Persiste la precariedad sanitaria en Ceuta
La visita de la ministra fue un absoluto fiasco

Vuelven los médicos a la guerra con Sanidad, ahora agravada por la crisis de Ceuta, donde el colapso se mantiene en medio de una tensión cada día más acusada. La visita de la ministra fue un absoluto fiasco. Apenas sirvió para caldear el ambiente. Con más de 300 asistencias diarias a los nuevos inmigrantes (o invasores), el «sobreesfuerzo» de los sanitarios es más que evidente. Por ejemplo: hay apenas cuatro radiólogos para 87 mil habitantes, los más de diez mil migrantes sobrevenidos y un número indeterminado de visitantes ocasionales. Y quien dice radiólogos dice ginecólogos, traumatólogos, médicos de familia o de cualquier otra especialidad. Hay carencias en todos los servicios.
Mónica García tardó 18 días en ir a Ceuta. Lo peor es que su visita no sirvió para nada. No se entrevistó con los profesionales, frustrados y sin respuestas a su problemática creciente y agotadora. Se dedicó a llamar racistas a quienes advertían de posibles enfermedades infecciosas, algo más que probable a tenor de las circunstancias de falta de higiene en que se agolpa la población invasora en descampados y en la playa. Anunció refuerzos, pero los médicos creen que son insuficientes.

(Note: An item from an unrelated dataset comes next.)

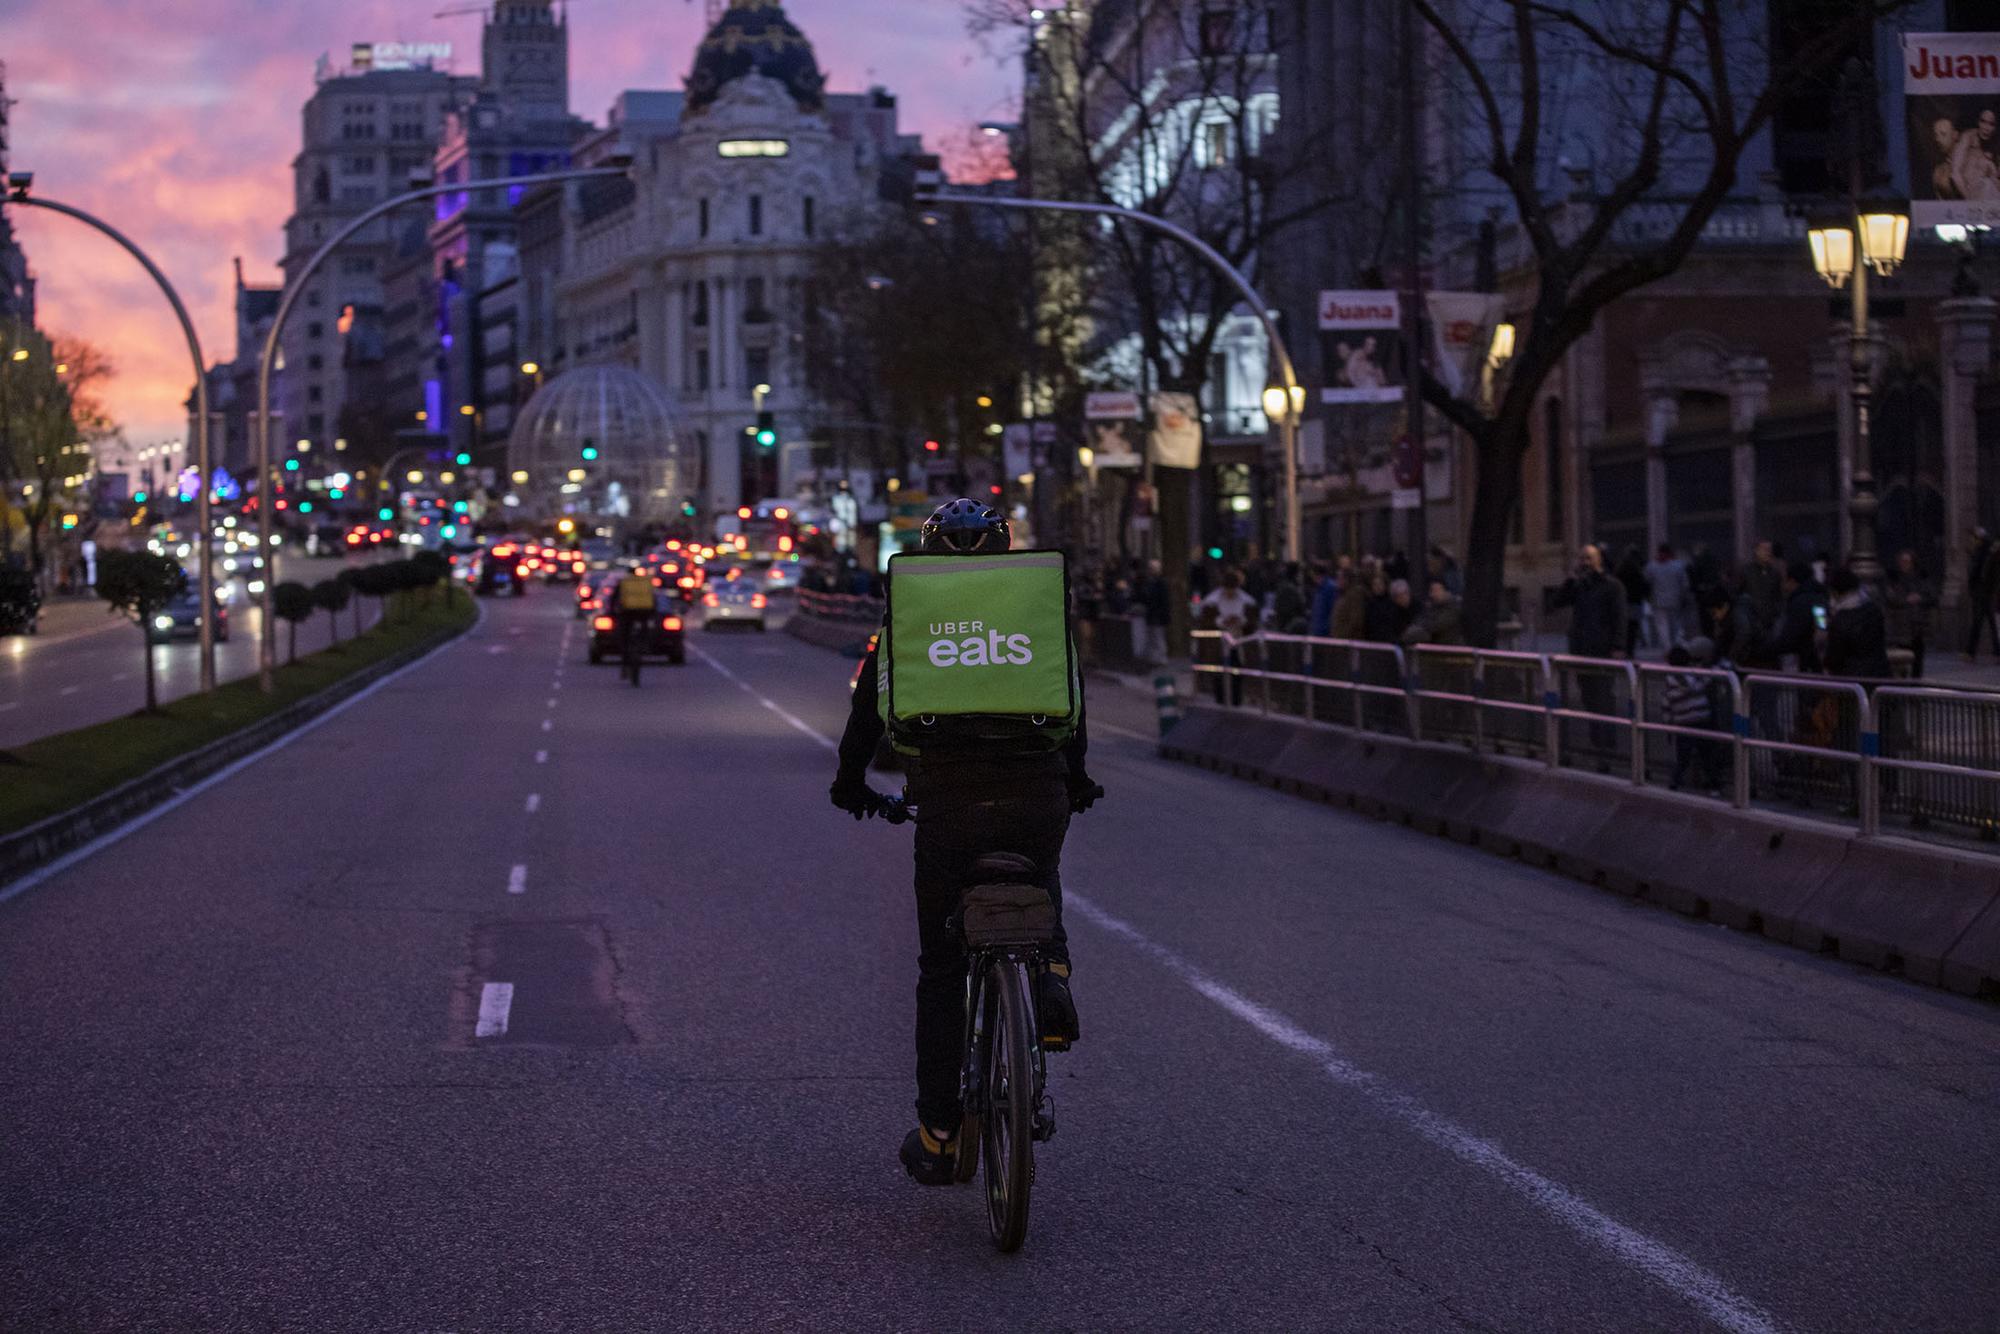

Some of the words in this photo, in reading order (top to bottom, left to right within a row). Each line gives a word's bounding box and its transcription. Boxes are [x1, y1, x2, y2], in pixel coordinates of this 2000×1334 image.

[1324, 302, 1393, 320] Juana
[929, 620, 984, 635] UBER
[928, 629, 1033, 667] eats

Los enfermeros también se quejan, con razón. El sindicato Satse se manifiesta enormemente preocupado por la precariedad de los centros sanitarios. Denuncian sobrecarga asistencial, insuficiencia de recursos humanos y situaciones de tensión e inseguridad que afectan al trabajo diario, por lo que piden un aumento de las plantillas, garantizar la seguridad en los centros sanitarios y asegurar una planificación ajustada a una población que ha crecido de manera aún no cuantificable. Piden que por favor no se hable de normalidad, pues la situación no puede ser más anormal. Tanto, que hasta se ha tenido que poner un servicio de escolta para las enfermeras en sus visitas domiciliarias.